Comment by dijit

Comment by dijit a day ago

3 replies

You kid, but you might be onto something.

The majority of users are content with chromebooks, what does that tell you about the requirements of desktop computers today? It tells me that they are just niche professional tools; and professional tools largely suck for UX..

I had an interesting realisation the other day (that's tangentially related): on my iPhone and iPad: I can't access my work emails or chats at all. Yet on my significantly more difficult to secure laptops: no problem.

The mobile platforms have built-in mechanisms for remote attestation. Desktop operating systems do not.

I think as soon as companies realise that an iPad is "good enough" for email/excel/word workers, we'll see an even more precipitous decline of the desktop operating system experience.

pr3dr49 18 hours ago

"I think as soon as companies realise that an iPad is "good enough" for email/excel/word workers, we'll see an even more precipitous decline of the desktop operating system experience."

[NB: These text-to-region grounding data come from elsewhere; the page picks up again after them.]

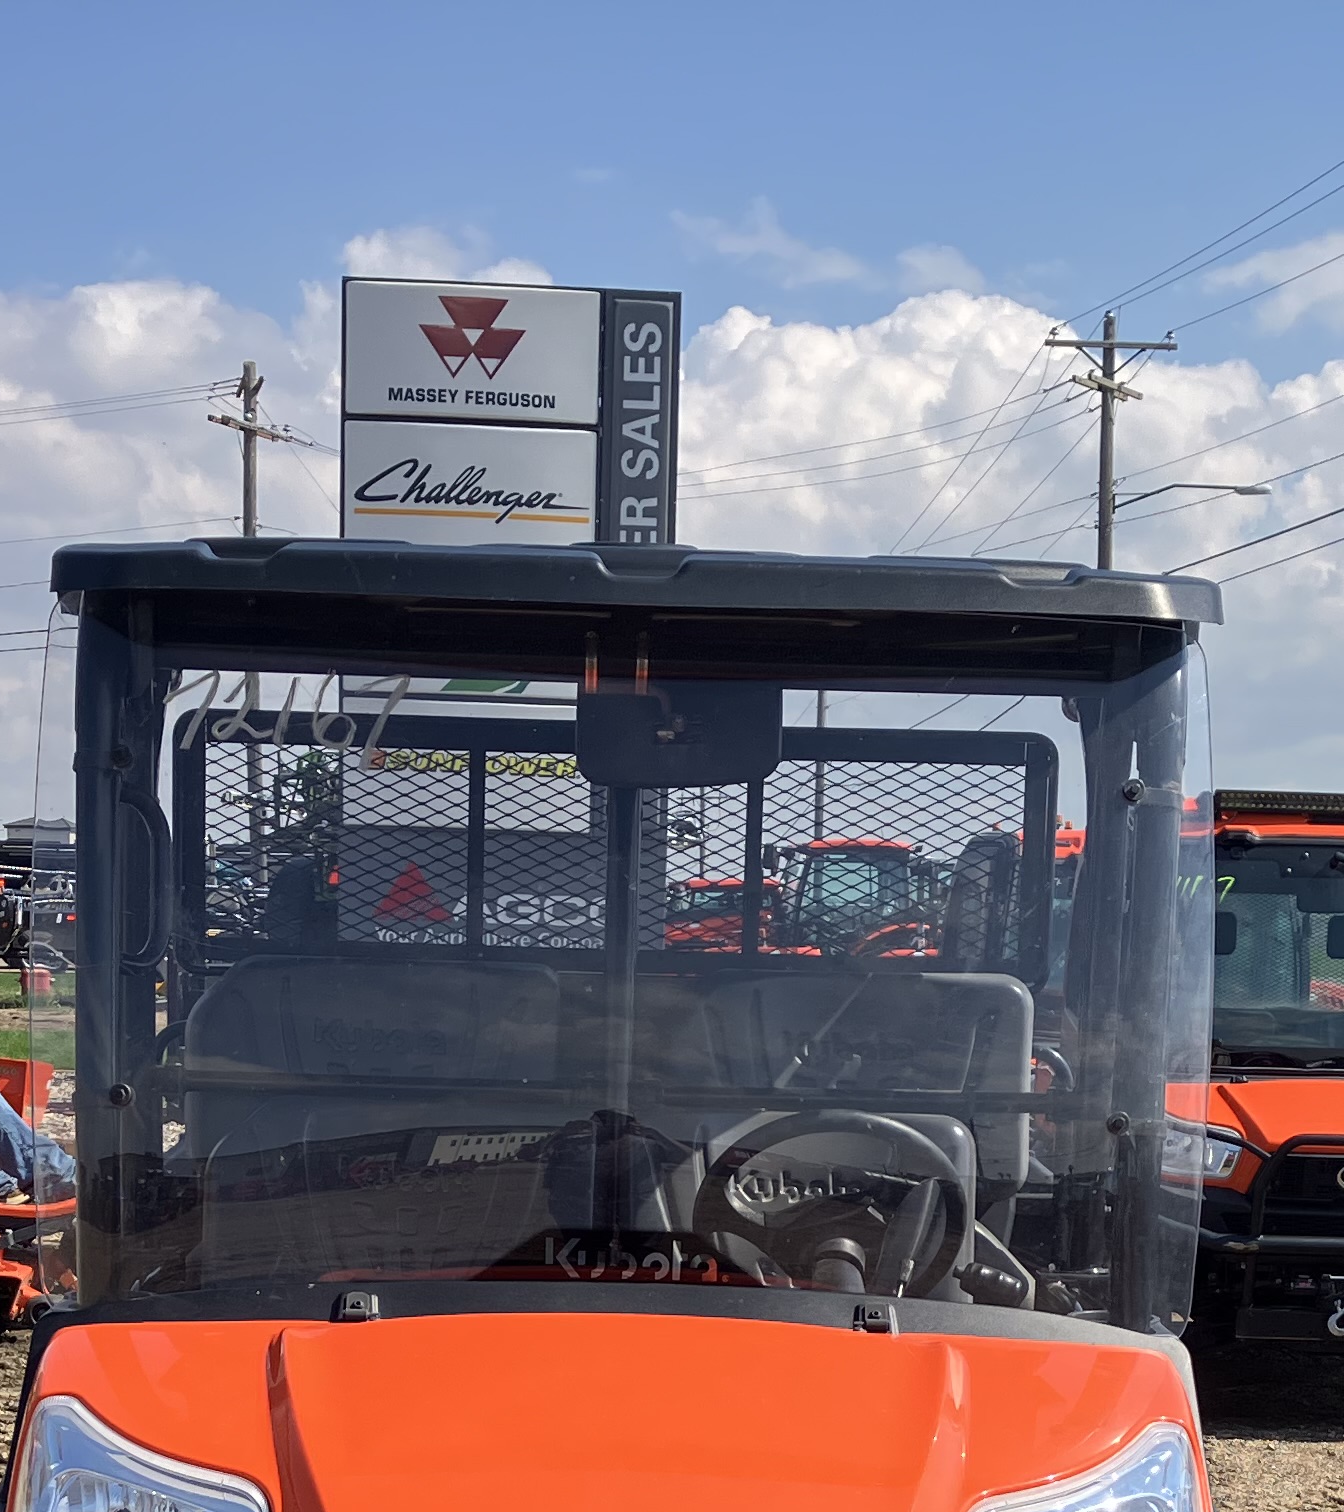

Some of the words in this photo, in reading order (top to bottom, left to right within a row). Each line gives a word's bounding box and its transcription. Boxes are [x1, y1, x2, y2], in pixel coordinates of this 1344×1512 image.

[388, 387, 458, 403] MASSEY
[465, 390, 555, 409] FERGUSON
[620, 322, 662, 480] SALES
[354, 458, 589, 524] Challenger
[386, 750, 576, 779] SUNFOWER
[544, 1236, 718, 1282] Kubota
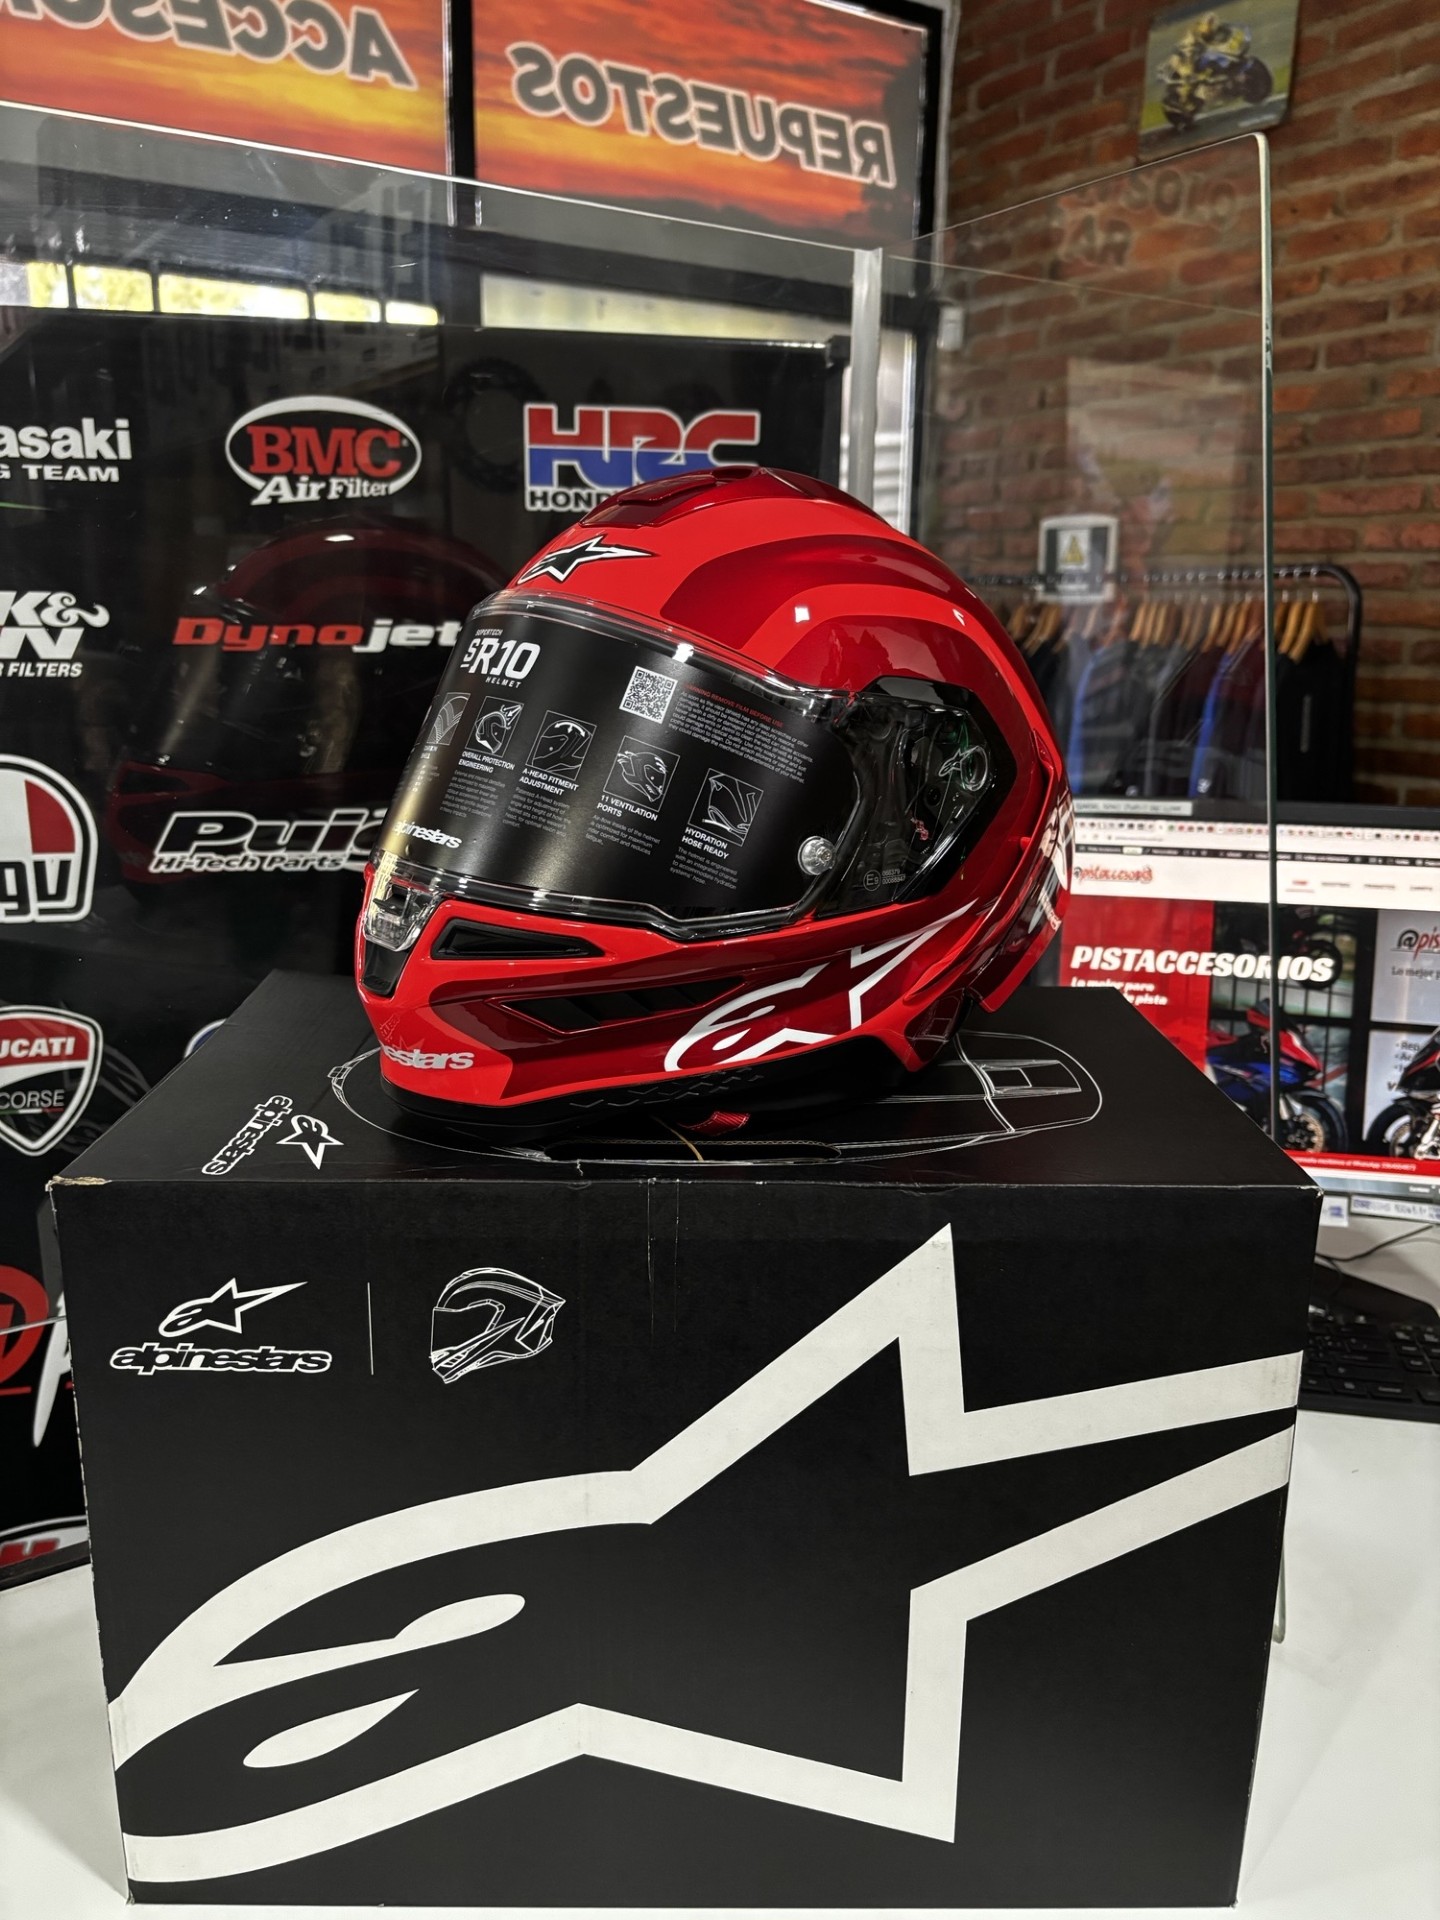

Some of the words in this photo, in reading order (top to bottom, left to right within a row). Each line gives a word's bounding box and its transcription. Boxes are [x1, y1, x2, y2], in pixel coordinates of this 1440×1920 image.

This has a ring of SurfacePro as a corporate EUC choice. Quite common these days.

Liftyee a day ago

Maybe my definition of UX is behind the times, but I think professional tools have great UX for their intended users... Professionals.

Fine grained control, informative error messages, thought out keybinds, all make the system easier to use for experts

  • dijit a day ago

    Professional software is aimed at people who use it day in day out so they’re optimising for a different problem than software that’s aimed at the casual user.

    Intuitiveness is often seen as a outright positive by most people but actually it’s more of a trade off. Often the greatest efficiency is achieved by interfaces that require a bit of learning by the user. The ultimate example of that is command line interfaces which are very powerful and efficient but require you to know what you’re doing and give you relatively little help.

    You’re on the other side of a steep learning curve for a lot of professional software you use. A steep learning curve is bad UX.